→ Exercise directions: Print the entries exactly; no image belongs in the copy.

[Image-backed grounding data]
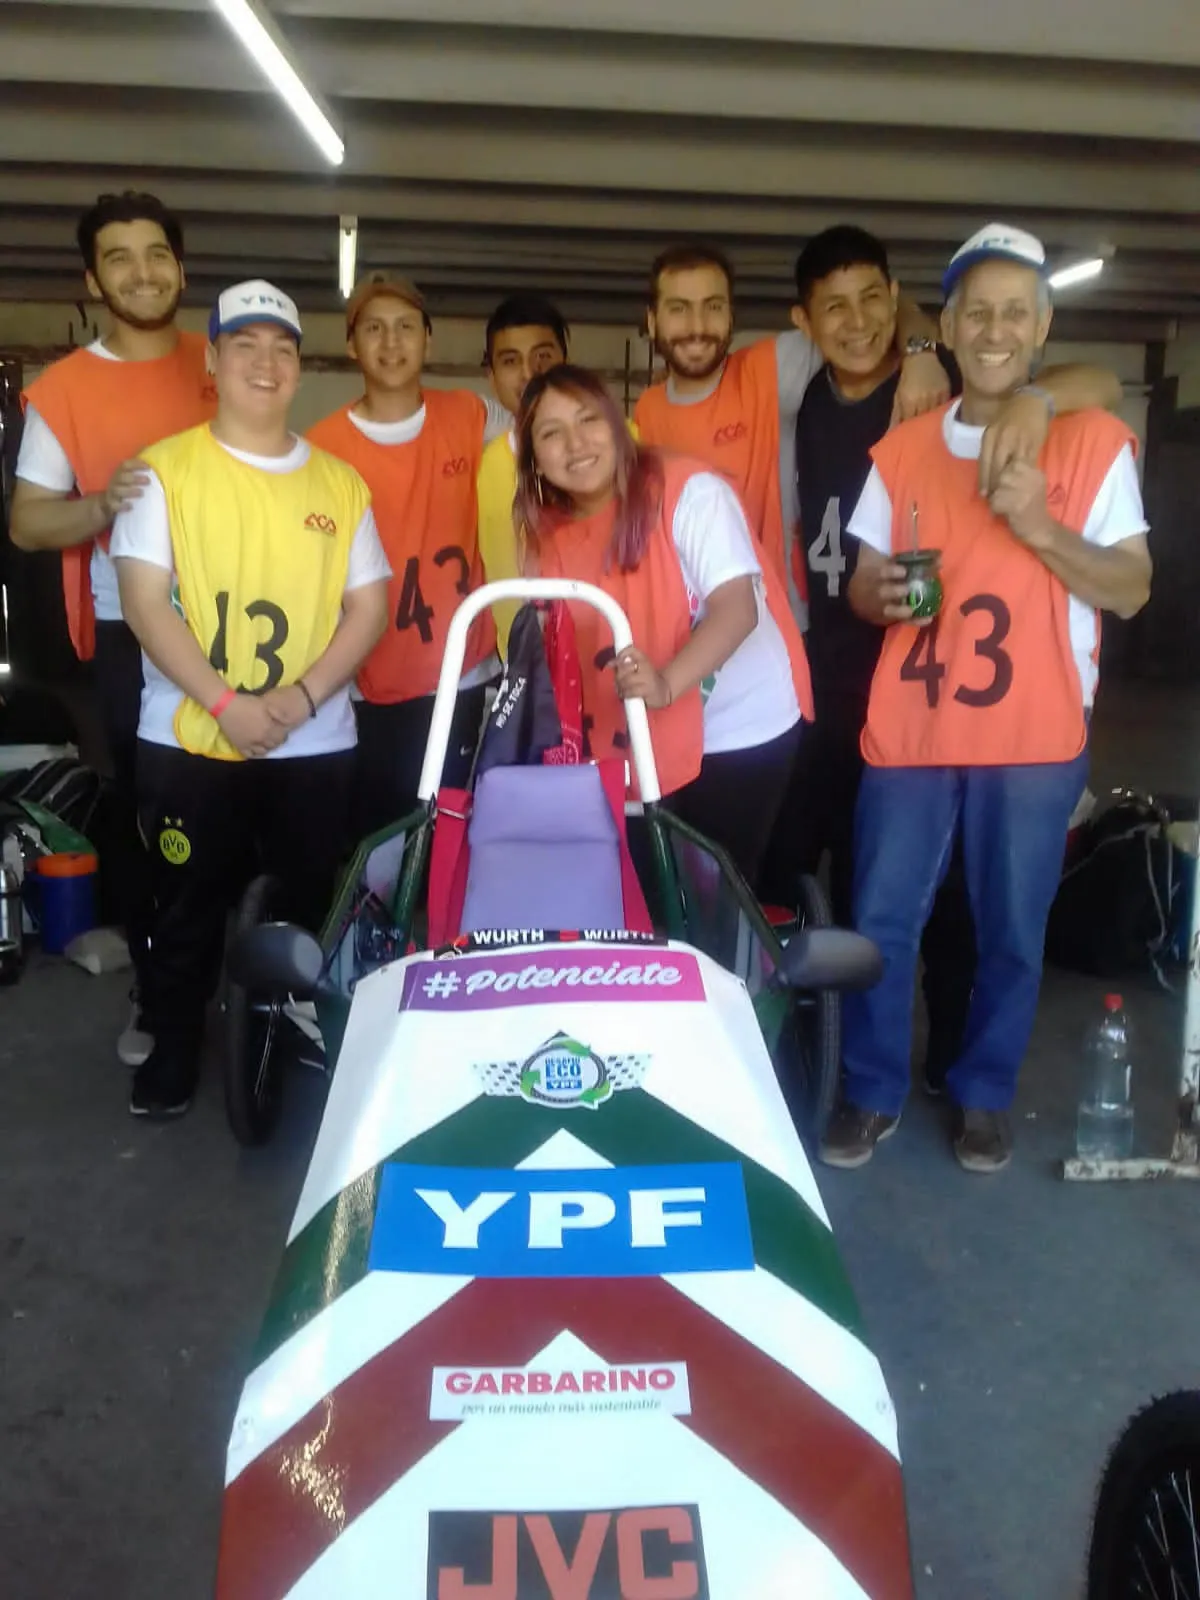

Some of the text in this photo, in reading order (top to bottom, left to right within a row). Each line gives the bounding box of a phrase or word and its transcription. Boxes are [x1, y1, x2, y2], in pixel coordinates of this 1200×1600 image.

[900, 593, 1013, 710] 43
[422, 961, 682, 999] #Potenciate
[545, 1064, 582, 1078] ECO
[413, 1187, 706, 1249] YPF
[445, 1368, 676, 1396] GARBARINO
[438, 1506, 699, 1600] JVC

→ Result of the exercise:
Some of the text in this photo, in reading order (top to bottom, left to right within a row). Each line gives the bounding box of a phrase or word and its transcription. Boxes are [x1, y1, x2, y2], in pixel coordinates of this 1200×1600 image.

[900, 593, 1013, 710] 43
[422, 961, 682, 999] #Potenciate
[545, 1064, 582, 1078] ECO
[413, 1187, 706, 1249] YPF
[445, 1368, 676, 1396] GARBARINO
[438, 1506, 699, 1600] JVC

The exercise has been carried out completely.